Here, InSilicoSeq (version 1.4.6) was used to generate simulated metagenomic data: 50 million paired-end reads using the HiSeq model with an exponential distribution  from known sequences. The input genomes used to create the data were 460 publicly available bacterial and archaeal reference genomes from the Hungate collection . Since some of the Hungate collection are multi-contig, they were treated as draft genomes during data generation, using the --draft option. Complete genomes with a single contig were treated as such, using the --genomes option. A list of the Hungate genome files, and which are single or multi-contig, can be found in Additional file 2: Table S3.

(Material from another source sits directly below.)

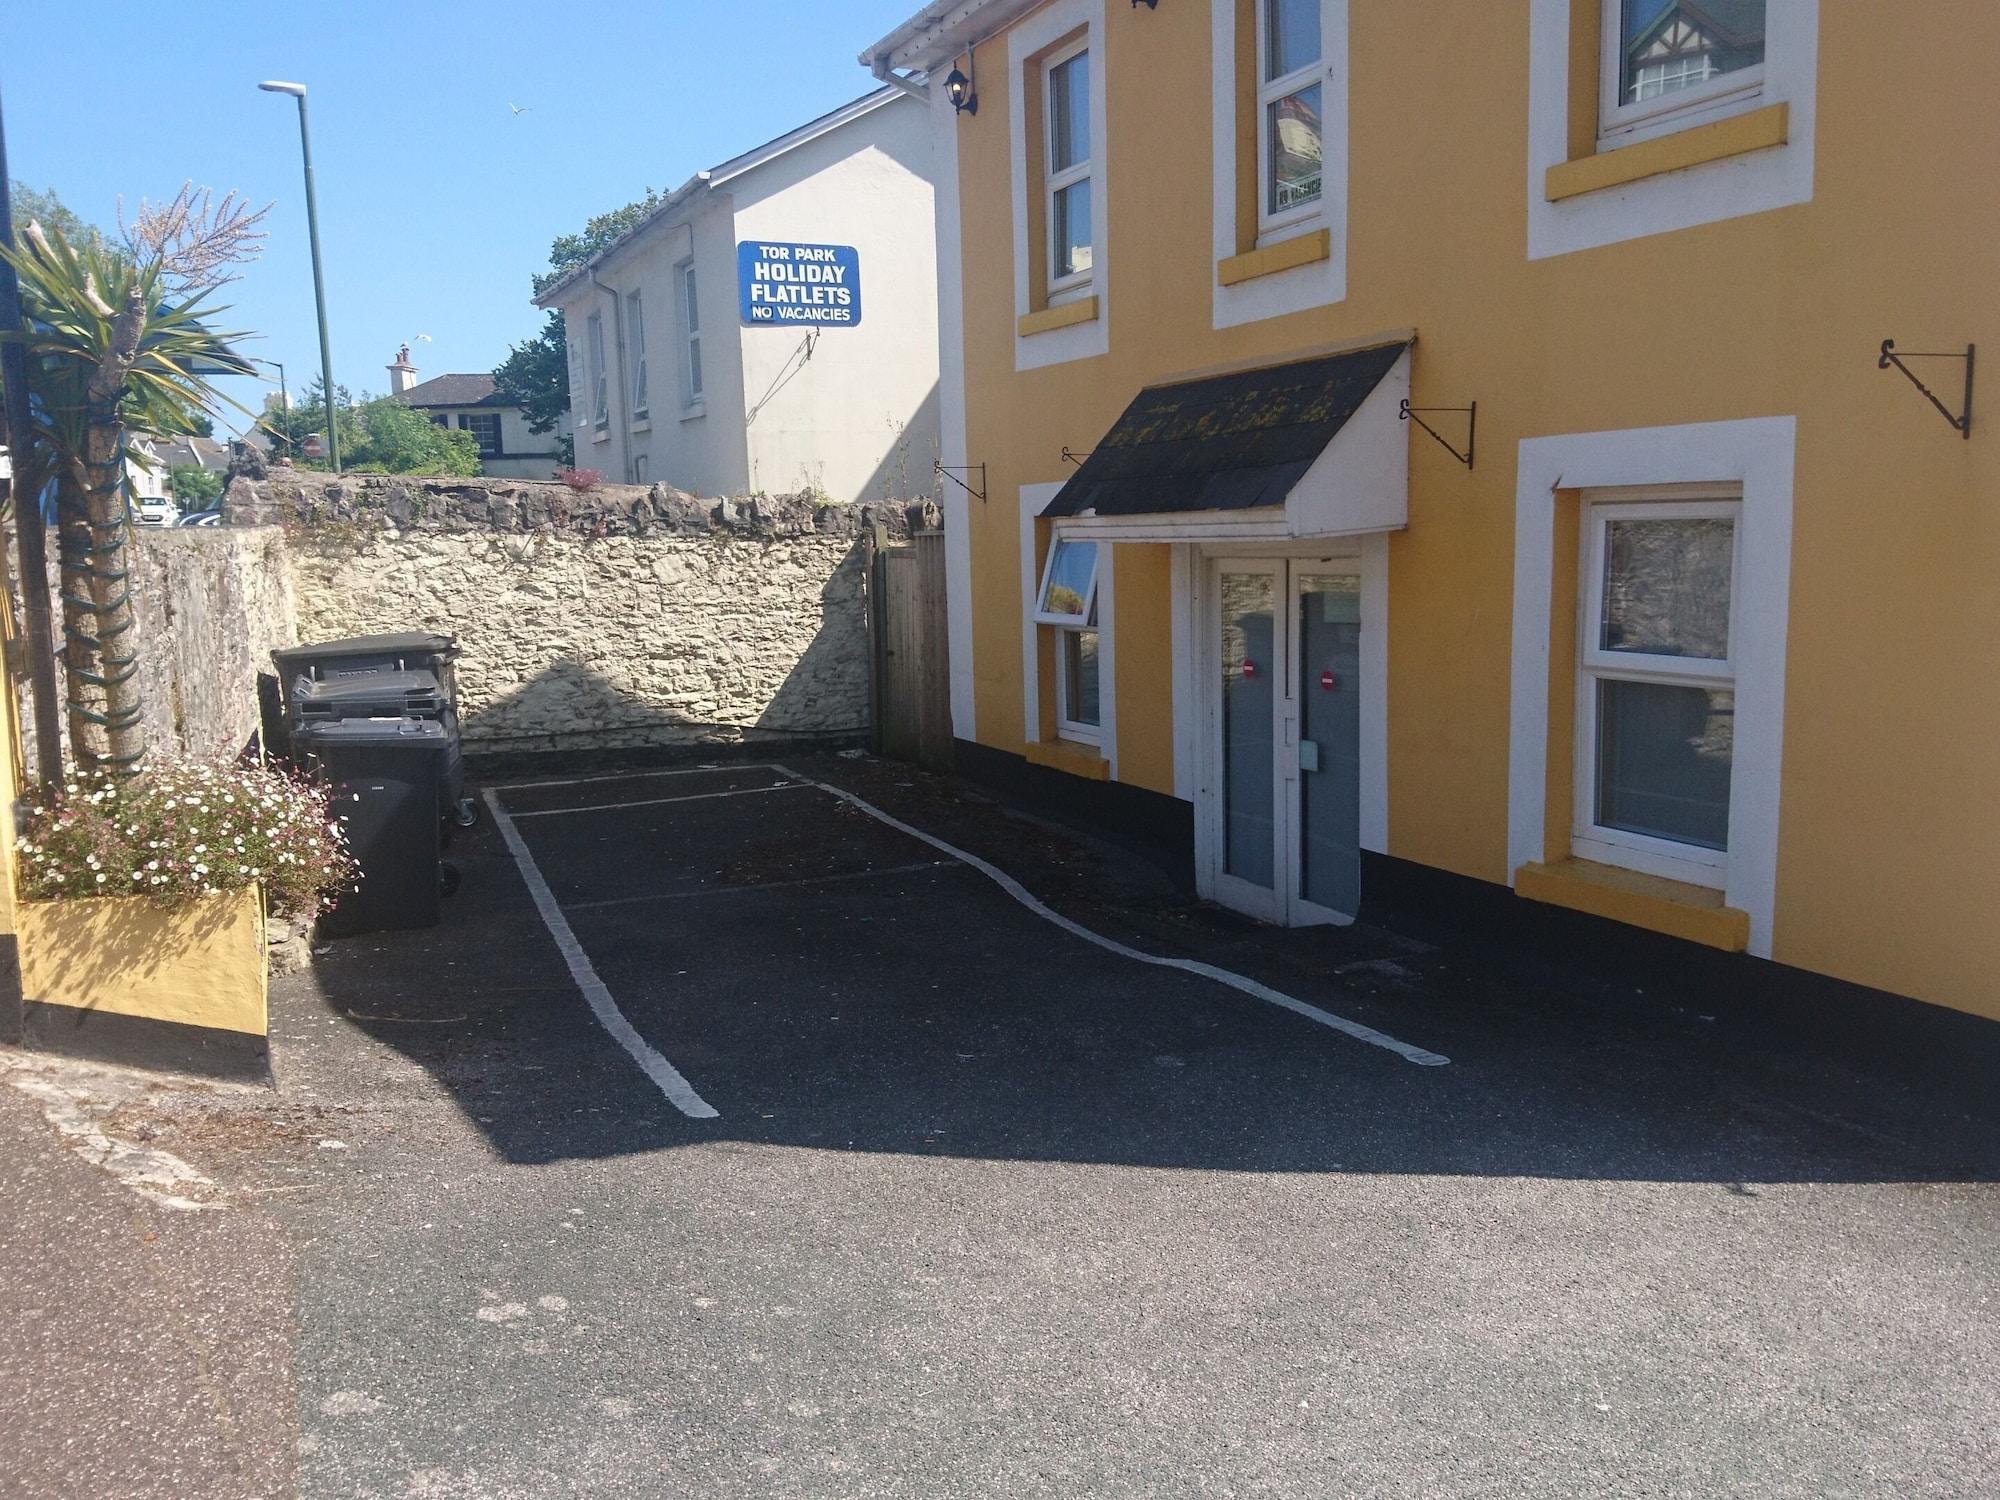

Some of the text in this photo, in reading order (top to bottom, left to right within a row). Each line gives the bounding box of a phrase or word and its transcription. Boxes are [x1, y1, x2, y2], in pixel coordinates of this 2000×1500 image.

[759, 246, 836, 262] TOR PARK
[754, 262, 846, 284] HOLIDAY
[750, 283, 851, 305] FLATLETS
[752, 306, 851, 321] NO VACANCIES

As the simulated reads originated from the Hungate genomes, each read had a corresponding genome and therefore corresponding taxonomy. In this study the simulated data is referred to as “ground truth”, as the true taxonomy of each read is known. The number of reads simulated from each genome, and therefore for each taxonomy, were determined (using Ete3 ). The number of reads produced for each genome provided the number of reads produced for each taxon at the phylum, family, genus and species levels. This “ground truth” information was used to assess the classification accuracy of each read (see Figs. 3 and 4, and Additional file 1: Fig. S1 and Tables S1 and S2).
Design, choice and creation of reference databases
Six reference databases were used to classify the simulated metagenome, the details of which can be seen in Table 1. Each database was built using NCBI taxonomy downloaded on 07/03/2020. NCBI libraries for the RefSeq database were downloaded on 24/03/2020.

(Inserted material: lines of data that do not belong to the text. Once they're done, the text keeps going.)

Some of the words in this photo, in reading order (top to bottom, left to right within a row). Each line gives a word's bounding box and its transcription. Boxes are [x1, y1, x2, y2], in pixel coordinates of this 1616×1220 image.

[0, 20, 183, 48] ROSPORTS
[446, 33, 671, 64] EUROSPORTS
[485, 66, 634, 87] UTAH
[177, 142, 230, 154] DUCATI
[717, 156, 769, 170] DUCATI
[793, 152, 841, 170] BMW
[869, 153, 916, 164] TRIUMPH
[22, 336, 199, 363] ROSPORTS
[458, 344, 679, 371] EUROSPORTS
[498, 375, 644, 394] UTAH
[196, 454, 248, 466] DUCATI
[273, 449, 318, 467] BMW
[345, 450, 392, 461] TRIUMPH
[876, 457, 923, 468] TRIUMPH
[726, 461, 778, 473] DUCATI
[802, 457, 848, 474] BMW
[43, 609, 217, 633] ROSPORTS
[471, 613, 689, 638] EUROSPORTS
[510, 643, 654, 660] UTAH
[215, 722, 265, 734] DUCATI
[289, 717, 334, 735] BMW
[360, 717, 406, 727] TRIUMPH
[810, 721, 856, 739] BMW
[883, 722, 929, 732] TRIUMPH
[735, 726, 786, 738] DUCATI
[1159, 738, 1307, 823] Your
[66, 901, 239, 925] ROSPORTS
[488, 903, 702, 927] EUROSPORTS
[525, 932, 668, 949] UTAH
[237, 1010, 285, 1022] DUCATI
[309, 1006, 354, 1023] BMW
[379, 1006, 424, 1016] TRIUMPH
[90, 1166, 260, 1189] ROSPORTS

The Hungate reference database contains genomes from 460 rumen-dwelling microbes cultured in the Hungate 1000 project. These were the same genomes that were used to create the simulated metagenome; therefore, this database was fully representative of the data being classified. The Hungate database therefore acted as the ‘best case’ scenario for database choice, and can be seen as a positive control, as each read from the simulated metagenome should be represented in the Hungate database.
The RefSeq database is the standard Kraken2  reference database (see ) widely used for taxonomy classification. It contains the complete collection of genomes in RefSeq for bacterial, archaeal and viral domains, the human genome and a collection of vectors (UniVec_core).
The Mini reference database is also a popular database for Kraken2 users, designed for users with low-memory computing environments. Both the Standard and Mini databases contain the same RefSeq reference genomes, but the Mini database was built using a hash function to down-sample minimisers, as described in the Kraken 2 manual and shown in Table 1 (--max-db-size function). The hash file for the Standard Kraken 2 database is 43 GB, whereas it is only 7.5 GB for the Mini Kraken 2 database. As this database is significantly smaller than the Standard reference database, read classification requires less memory. As the Mini reference database may be the first choice for users with limited computational resources, it was included in this study.
The RUG reference database contains 4941 rumen MAGs assembled by Stewart et al. . Whilst different from the cultured Hungate genomes, these assembled genomes were assembled from metagenomes also originating in the rumen. This custom database was included in the study to investigate the impact of a reference database containing assembled genomes on taxonomic classification.
The RefRUG and RefHun reference databases contain the complete collection of genomes in RefSeq (bacterial, viral and archaeal domains, the human genome and UniVec_Core vectors) in addition to the RUGs and Hungate genomes, respectively. These were included to investigate whether adding genomes or draft genomes from the same type of environmental microbiota as the data being classified improves taxonomic classification.
Read classification using Kraken2
The simulated metagenome was classified using Kraken2 (version 2.0.8_beta) with the eight reference databases described above. Default settings were used with the --paired option to accommodate the paired-end reads of the simulated metagenome.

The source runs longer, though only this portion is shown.